C’est le reflet de ce qui peut être fait lorsque les nations les plus pauvres restent unifiées, a déclaré Alex Scott, expert en diplomatie climatique au groupe de réflexion E3G.

“Je pense que c’est énorme que les gouvernements se réunissent pour travailler au moins sur la première étape de … comment traiter le problème des pertes et dommages”, a déclaré Scott. Mais comme toutes les financières du climat, c’est une chose de créer un fonds, c’en est une autre de faire entrer et sortir de l’argent, a-t-elle déclaré. Le monde développé n’a toujours pas tenu sa promesse de 2009 de dépenser 100 milliards de dollars par an dans d’autres aides climatiques – conçues pour aider les pays pauvres à développer l’énergie verte et à s’adapter au réchauffement futur.

L’accord “offre l’espoir aux personnes vulnérables qu’elles obtiendront de l’aide pour se remettre des catastrophes climatiques et reconstruire leur vie”, a déclaré Harjeet Singh, responsable de la stratégie politique mondiale au Climate Action Network International.

La présidence égyptienne, qui avait été critiquée par toutes les parties, a proposé un nouvel accord sur les pertes et dommages samedi après-midi et en quelques heures, un accord a été conclu, mais le négociateur norvégien a déclaré que ce n’était pas tant les Égyptiens que les pays qui travaillaient ensemble.

L’envoyée allemande pour le climat Jennifer Morgan et la ministre chilienne de l’environnement Maisa Rojas, qui ont mené l’accord jusqu’à l’ordre du jour et jusqu’à la ligne d’arrivée, se sont étreintes après leur passage, ont posé pour une photo et ont dit “oui, nous l’avons fait!”

Selon l’accord, le fonds tirerait initialement des contributions des pays développés et d’autres sources privées et publiques telles que les institutions financières internationales. Alors que les grandes économies émergentes telles que la Chine ne seraient initialement pas tenues de contribuer, cette option reste sur la table et sera négociée au cours des prochaines années. Il s’agit d’une demande clé de l’Union européenne et des États-Unis, qui soutiennent que la Chine et d’autres grands pollueurs actuellement classés comme pays en développement ont le poids financier et la responsabilité de payer leur part.

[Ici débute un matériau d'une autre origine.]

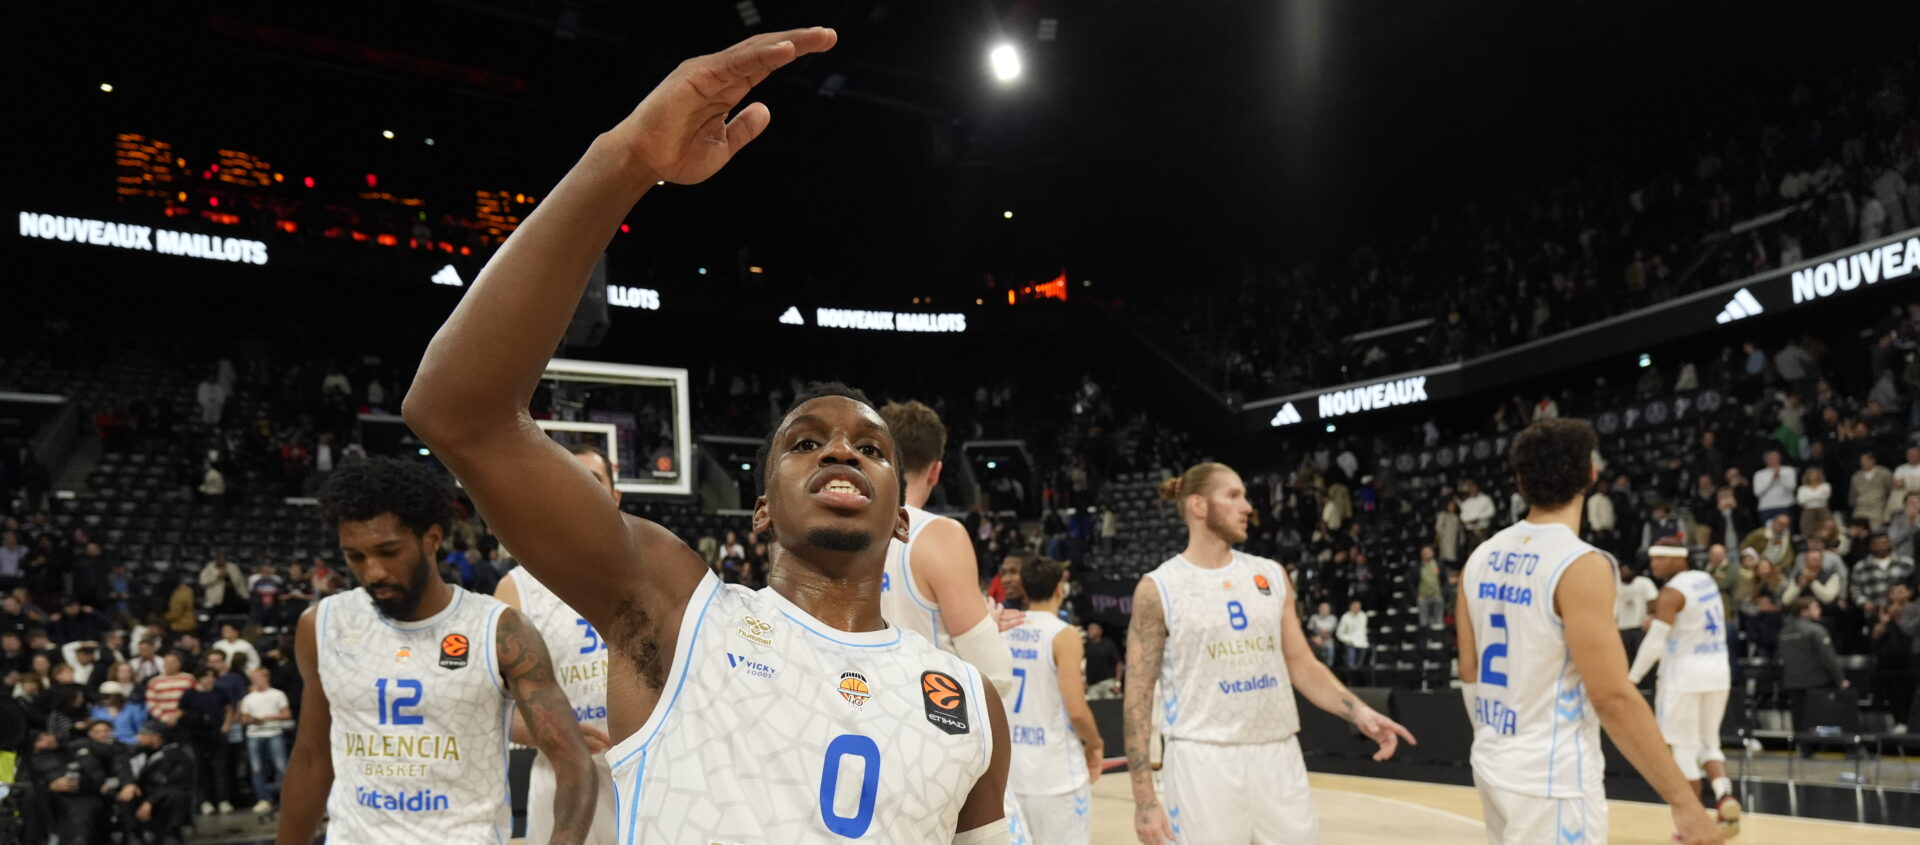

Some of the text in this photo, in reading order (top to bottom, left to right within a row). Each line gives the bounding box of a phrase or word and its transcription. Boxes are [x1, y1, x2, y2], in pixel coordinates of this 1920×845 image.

[19, 211, 268, 265] NOUVEAUX MAILLOTS
[816, 307, 967, 332] NOUVEAUX MAILLOTS
[1318, 375, 1428, 419] NOUVEAUX
[1227, 600, 1248, 630] 8
[738, 627, 773, 646] hummel
[1480, 613, 1508, 688] 2
[746, 660, 776, 673] VICKY
[1012, 667, 1026, 714] 7
[1218, 673, 1278, 694] Vitaldin
[375, 678, 424, 725] 12
[928, 713, 966, 729] ETIHAD
[345, 732, 460, 761] VALENCIA
[364, 763, 427, 777] BASKET
[819, 734, 881, 839] 0

Le fonds serait largement destiné aux nations les plus vulnérables, bien qu’il y ait de la place pour les pays à revenu intermédiaire qui sont gravement touchés par les catastrophes climatiques pour obtenir de l’aide.

Des délégations chiffonnées aux yeux troubles ont commencé à remplir la salle plénière dimanche à 4 heures du matin, heure locale, sans voir la décision de couverture globale.

À l’approche de la dernière session, des lignes de bataille ont été tracées sur la demande de l’Inde de modifier l’accord de l’année dernière qui appelait à une réduction progressive du “charbon sans relâche” pour inclure une réduction progressive du pétrole et du gaz naturel, deux autres combustibles fossiles qui produisent des gaz piégeant la chaleur. . Alors que les nations européennes et d’autres continuent de faire pression pour cette langue, l’Arabie saoudite, la Russie et le Nigeria ont insisté pour la garder à l’écart.

“Nous sommes extrêmement en prolongation. Il y avait de la bonne humeur plus tôt dans la journée. Je pense que plus de gens sont plus frustrés par le manque de progrès”, a déclaré le ministre norvégien du changement climatique, Espen Barth Eide, à l’Associated Press. Il a déclaré qu’il s’agissait de durcir les émissions de combustibles fossiles et de conserver l’objectif de limiter le réchauffement à 1,5 degrés Celsius (2,7 degrés Fahrenheit) depuis l’époque préindustrielle, comme convenu lors du sommet sur le climat de l’année dernière à Glasgow.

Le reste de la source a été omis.